Requirement:
Your task is to write out the complete listing exactly as it is shown.

##### The input

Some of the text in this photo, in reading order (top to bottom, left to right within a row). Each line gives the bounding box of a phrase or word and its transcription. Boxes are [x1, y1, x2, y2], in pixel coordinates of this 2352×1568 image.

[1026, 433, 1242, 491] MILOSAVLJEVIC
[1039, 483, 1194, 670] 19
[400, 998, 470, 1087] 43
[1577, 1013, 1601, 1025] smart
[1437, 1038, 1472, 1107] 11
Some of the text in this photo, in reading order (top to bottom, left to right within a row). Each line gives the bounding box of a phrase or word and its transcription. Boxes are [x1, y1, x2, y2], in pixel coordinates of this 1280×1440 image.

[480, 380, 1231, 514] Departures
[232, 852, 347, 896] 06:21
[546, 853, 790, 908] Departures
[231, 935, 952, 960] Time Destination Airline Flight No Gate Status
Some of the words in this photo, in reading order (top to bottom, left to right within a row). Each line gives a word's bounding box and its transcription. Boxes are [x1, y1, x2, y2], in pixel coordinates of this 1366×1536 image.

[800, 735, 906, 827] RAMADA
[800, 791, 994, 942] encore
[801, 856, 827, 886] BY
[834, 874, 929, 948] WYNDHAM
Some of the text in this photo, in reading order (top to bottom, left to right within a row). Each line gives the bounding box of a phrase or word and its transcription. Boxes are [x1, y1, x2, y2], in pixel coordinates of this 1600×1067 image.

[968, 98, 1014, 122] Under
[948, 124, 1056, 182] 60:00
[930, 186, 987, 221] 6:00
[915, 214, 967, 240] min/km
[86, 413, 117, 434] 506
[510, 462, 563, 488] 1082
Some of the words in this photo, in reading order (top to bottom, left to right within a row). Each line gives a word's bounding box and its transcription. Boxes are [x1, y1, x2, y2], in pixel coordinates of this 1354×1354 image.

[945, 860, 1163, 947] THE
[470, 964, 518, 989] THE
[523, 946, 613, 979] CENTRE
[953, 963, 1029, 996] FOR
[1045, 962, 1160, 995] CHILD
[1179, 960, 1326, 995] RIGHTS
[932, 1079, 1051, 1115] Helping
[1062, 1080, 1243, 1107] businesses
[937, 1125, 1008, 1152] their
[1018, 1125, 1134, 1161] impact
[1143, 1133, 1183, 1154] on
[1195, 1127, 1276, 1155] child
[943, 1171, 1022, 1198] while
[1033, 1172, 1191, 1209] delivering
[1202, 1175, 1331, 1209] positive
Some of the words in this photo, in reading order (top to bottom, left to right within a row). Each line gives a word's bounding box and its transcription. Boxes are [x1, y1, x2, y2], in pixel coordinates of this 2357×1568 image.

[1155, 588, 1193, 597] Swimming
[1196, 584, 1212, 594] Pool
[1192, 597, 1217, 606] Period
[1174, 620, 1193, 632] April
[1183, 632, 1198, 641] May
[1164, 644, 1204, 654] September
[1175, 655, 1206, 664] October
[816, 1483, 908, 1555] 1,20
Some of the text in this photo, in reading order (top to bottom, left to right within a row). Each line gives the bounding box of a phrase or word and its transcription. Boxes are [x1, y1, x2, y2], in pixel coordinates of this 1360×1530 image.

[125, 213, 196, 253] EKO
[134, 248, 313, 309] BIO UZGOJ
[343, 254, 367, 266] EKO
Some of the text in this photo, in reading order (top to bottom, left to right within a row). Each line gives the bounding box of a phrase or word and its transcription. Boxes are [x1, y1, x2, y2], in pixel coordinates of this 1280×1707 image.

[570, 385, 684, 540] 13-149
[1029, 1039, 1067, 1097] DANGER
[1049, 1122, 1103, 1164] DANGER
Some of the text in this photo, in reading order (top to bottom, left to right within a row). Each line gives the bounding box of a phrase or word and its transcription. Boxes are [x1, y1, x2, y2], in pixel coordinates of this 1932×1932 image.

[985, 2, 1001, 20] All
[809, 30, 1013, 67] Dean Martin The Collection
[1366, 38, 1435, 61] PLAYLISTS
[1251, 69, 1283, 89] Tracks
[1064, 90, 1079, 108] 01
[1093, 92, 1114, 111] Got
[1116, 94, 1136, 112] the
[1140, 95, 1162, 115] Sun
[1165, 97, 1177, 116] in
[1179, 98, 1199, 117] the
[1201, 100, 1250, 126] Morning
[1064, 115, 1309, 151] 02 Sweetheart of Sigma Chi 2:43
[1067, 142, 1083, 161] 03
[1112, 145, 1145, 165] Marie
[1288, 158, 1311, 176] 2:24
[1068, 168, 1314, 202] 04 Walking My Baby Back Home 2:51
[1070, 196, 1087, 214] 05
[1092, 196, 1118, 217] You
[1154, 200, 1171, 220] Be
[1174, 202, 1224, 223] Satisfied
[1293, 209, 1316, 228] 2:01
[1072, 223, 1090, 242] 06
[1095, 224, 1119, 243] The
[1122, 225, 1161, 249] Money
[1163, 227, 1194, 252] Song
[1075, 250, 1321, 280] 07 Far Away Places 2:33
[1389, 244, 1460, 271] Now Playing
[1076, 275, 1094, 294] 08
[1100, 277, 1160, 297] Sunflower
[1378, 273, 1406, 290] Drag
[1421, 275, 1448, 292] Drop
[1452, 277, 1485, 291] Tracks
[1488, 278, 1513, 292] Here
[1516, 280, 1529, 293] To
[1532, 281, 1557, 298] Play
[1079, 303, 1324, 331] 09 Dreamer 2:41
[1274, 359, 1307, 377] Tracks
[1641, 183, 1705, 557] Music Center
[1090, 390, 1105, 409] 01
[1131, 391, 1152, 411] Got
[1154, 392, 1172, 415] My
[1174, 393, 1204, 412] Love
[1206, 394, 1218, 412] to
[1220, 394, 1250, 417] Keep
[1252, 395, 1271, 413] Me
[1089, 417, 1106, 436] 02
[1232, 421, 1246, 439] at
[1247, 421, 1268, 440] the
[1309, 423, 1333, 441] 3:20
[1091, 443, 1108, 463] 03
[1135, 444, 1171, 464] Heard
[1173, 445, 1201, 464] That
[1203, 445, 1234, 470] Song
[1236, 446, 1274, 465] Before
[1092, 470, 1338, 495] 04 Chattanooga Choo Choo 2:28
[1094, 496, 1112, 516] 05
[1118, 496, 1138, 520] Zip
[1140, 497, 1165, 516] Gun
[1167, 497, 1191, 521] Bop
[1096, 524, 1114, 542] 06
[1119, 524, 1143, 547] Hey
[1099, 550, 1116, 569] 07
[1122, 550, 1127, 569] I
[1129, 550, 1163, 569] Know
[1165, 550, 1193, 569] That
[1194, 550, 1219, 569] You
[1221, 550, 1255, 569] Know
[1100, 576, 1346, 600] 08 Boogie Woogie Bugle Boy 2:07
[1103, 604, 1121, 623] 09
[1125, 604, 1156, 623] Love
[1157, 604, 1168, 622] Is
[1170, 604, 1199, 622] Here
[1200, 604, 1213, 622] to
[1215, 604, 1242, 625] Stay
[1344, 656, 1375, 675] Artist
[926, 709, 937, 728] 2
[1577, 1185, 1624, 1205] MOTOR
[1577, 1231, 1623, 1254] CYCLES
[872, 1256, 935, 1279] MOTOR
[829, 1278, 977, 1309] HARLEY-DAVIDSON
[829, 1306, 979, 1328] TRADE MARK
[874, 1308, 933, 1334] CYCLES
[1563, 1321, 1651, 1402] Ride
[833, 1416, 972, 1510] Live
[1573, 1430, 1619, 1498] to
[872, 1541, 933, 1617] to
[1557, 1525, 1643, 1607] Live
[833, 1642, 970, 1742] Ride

##########

Exercise solution:
Some of the text in this photo, in reading order (top to bottom, left to right within a row). Each line gives the bounding box of a phrase or word and its transcription. Boxes are [x1, y1, x2, y2], in pixel coordinates of this 2352×1568 image.

[1026, 433, 1242, 491] MILOSAVLJEVIC
[1039, 483, 1194, 670] 19
[400, 998, 470, 1087] 43
[1577, 1013, 1601, 1025] smart
[1437, 1038, 1472, 1107] 11
Some of the text in this photo, in reading order (top to bottom, left to right within a row). Each line gives the bounding box of a phrase or word and its transcription. Boxes are [x1, y1, x2, y2], in pixel coordinates of this 1280×1440 image.

[480, 380, 1231, 514] Departures
[232, 852, 347, 896] 06:21
[546, 853, 790, 908] Departures
[231, 935, 952, 960] Time Destination Airline Flight No Gate Status
Some of the words in this photo, in reading order (top to bottom, left to right within a row). Each line gives a word's bounding box and its transcription. Boxes are [x1, y1, x2, y2], in pixel coordinates of this 1366×1536 image.

[800, 735, 906, 827] RAMADA
[800, 791, 994, 942] encore
[801, 856, 827, 886] BY
[834, 874, 929, 948] WYNDHAM
Some of the text in this photo, in reading order (top to bottom, left to right within a row). Each line gives the bounding box of a phrase or word and its transcription. Boxes are [x1, y1, x2, y2], in pixel coordinates of this 1600×1067 image.

[968, 98, 1014, 122] Under
[948, 124, 1056, 182] 60:00
[930, 186, 987, 221] 6:00
[915, 214, 967, 240] min/km
[86, 413, 117, 434] 506
[510, 462, 563, 488] 1082
Some of the words in this photo, in reading order (top to bottom, left to right within a row). Each line gives a word's bounding box and its transcription. Boxes are [x1, y1, x2, y2], in pixel coordinates of this 1354×1354 image.

[945, 860, 1163, 947] THE
[470, 964, 518, 989] THE
[523, 946, 613, 979] CENTRE
[953, 963, 1029, 996] FOR
[1045, 962, 1160, 995] CHILD
[1179, 960, 1326, 995] RIGHTS
[932, 1079, 1051, 1115] Helping
[1062, 1080, 1243, 1107] businesses
[937, 1125, 1008, 1152] their
[1018, 1125, 1134, 1161] impact
[1143, 1133, 1183, 1154] on
[1195, 1127, 1276, 1155] child
[943, 1171, 1022, 1198] while
[1033, 1172, 1191, 1209] delivering
[1202, 1175, 1331, 1209] positive
Some of the words in this photo, in reading order (top to bottom, left to right within a row). Each line gives a word's bounding box and its transcription. Boxes are [x1, y1, x2, y2], in pixel coordinates of this 2357×1568 image.

[1155, 588, 1193, 597] Swimming
[1196, 584, 1212, 594] Pool
[1192, 597, 1217, 606] Period
[1174, 620, 1193, 632] April
[1183, 632, 1198, 641] May
[1164, 644, 1204, 654] September
[1175, 655, 1206, 664] October
[816, 1483, 908, 1555] 1,20
Some of the text in this photo, in reading order (top to bottom, left to right within a row). Each line gives the bounding box of a phrase or word and its transcription. Boxes are [x1, y1, x2, y2], in pixel coordinates of this 1360×1530 image.

[125, 213, 196, 253] EKO
[134, 248, 313, 309] BIO UZGOJ
[343, 254, 367, 266] EKO
Some of the text in this photo, in reading order (top to bottom, left to right within a row). Each line gives the bounding box of a phrase or word and its transcription. Boxes are [x1, y1, x2, y2], in pixel coordinates of this 1280×1707 image.

[570, 385, 684, 540] 13-149
[1029, 1039, 1067, 1097] DANGER
[1049, 1122, 1103, 1164] DANGER
Some of the text in this photo, in reading order (top to bottom, left to right within a row). Each line gives the bounding box of a phrase or word and its transcription. Boxes are [x1, y1, x2, y2], in pixel coordinates of this 1932×1932 image.

[985, 2, 1001, 20] All
[809, 30, 1013, 67] Dean Martin The Collection
[1366, 38, 1435, 61] PLAYLISTS
[1251, 69, 1283, 89] Tracks
[1064, 90, 1079, 108] 01
[1093, 92, 1114, 111] Got
[1116, 94, 1136, 112] the
[1140, 95, 1162, 115] Sun
[1165, 97, 1177, 116] in
[1179, 98, 1199, 117] the
[1201, 100, 1250, 126] Morning
[1064, 115, 1309, 151] 02 Sweetheart of Sigma Chi 2:43
[1067, 142, 1083, 161] 03
[1112, 145, 1145, 165] Marie
[1288, 158, 1311, 176] 2:24
[1068, 168, 1314, 202] 04 Walking My Baby Back Home 2:51
[1070, 196, 1087, 214] 05
[1092, 196, 1118, 217] You
[1154, 200, 1171, 220] Be
[1174, 202, 1224, 223] Satisfied
[1293, 209, 1316, 228] 2:01
[1072, 223, 1090, 242] 06
[1095, 224, 1119, 243] The
[1122, 225, 1161, 249] Money
[1163, 227, 1194, 252] Song
[1075, 250, 1321, 280] 07 Far Away Places 2:33
[1389, 244, 1460, 271] Now Playing
[1076, 275, 1094, 294] 08
[1100, 277, 1160, 297] Sunflower
[1378, 273, 1406, 290] Drag
[1421, 275, 1448, 292] Drop
[1452, 277, 1485, 291] Tracks
[1488, 278, 1513, 292] Here
[1516, 280, 1529, 293] To
[1532, 281, 1557, 298] Play
[1079, 303, 1324, 331] 09 Dreamer 2:41
[1274, 359, 1307, 377] Tracks
[1641, 183, 1705, 557] Music Center
[1090, 390, 1105, 409] 01
[1131, 391, 1152, 411] Got
[1154, 392, 1172, 415] My
[1174, 393, 1204, 412] Love
[1206, 394, 1218, 412] to
[1220, 394, 1250, 417] Keep
[1252, 395, 1271, 413] Me
[1089, 417, 1106, 436] 02
[1232, 421, 1246, 439] at
[1247, 421, 1268, 440] the
[1309, 423, 1333, 441] 3:20
[1091, 443, 1108, 463] 03
[1135, 444, 1171, 464] Heard
[1173, 445, 1201, 464] That
[1203, 445, 1234, 470] Song
[1236, 446, 1274, 465] Before
[1092, 470, 1338, 495] 04 Chattanooga Choo Choo 2:28
[1094, 496, 1112, 516] 05
[1118, 496, 1138, 520] Zip
[1140, 497, 1165, 516] Gun
[1167, 497, 1191, 521] Bop
[1096, 524, 1114, 542] 06
[1119, 524, 1143, 547] Hey
[1099, 550, 1116, 569] 07
[1122, 550, 1127, 569] I
[1129, 550, 1163, 569] Know
[1165, 550, 1193, 569] That
[1194, 550, 1219, 569] You
[1221, 550, 1255, 569] Know
[1100, 576, 1346, 600] 08 Boogie Woogie Bugle Boy 2:07
[1103, 604, 1121, 623] 09
[1125, 604, 1156, 623] Love
[1157, 604, 1168, 622] Is
[1170, 604, 1199, 622] Here
[1200, 604, 1213, 622] to
[1215, 604, 1242, 625] Stay
[1344, 656, 1375, 675] Artist
[926, 709, 937, 728] 2
[1577, 1185, 1624, 1205] MOTOR
[1577, 1231, 1623, 1254] CYCLES
[872, 1256, 935, 1279] MOTOR
[829, 1278, 977, 1309] HARLEY-DAVIDSON
[829, 1306, 979, 1328] TRADE MARK
[874, 1308, 933, 1334] CYCLES
[1563, 1321, 1651, 1402] Ride
[833, 1416, 972, 1510] Live
[1573, 1430, 1619, 1498] to
[872, 1541, 933, 1617] to
[1557, 1525, 1643, 1607] Live
[833, 1642, 970, 1742] Ride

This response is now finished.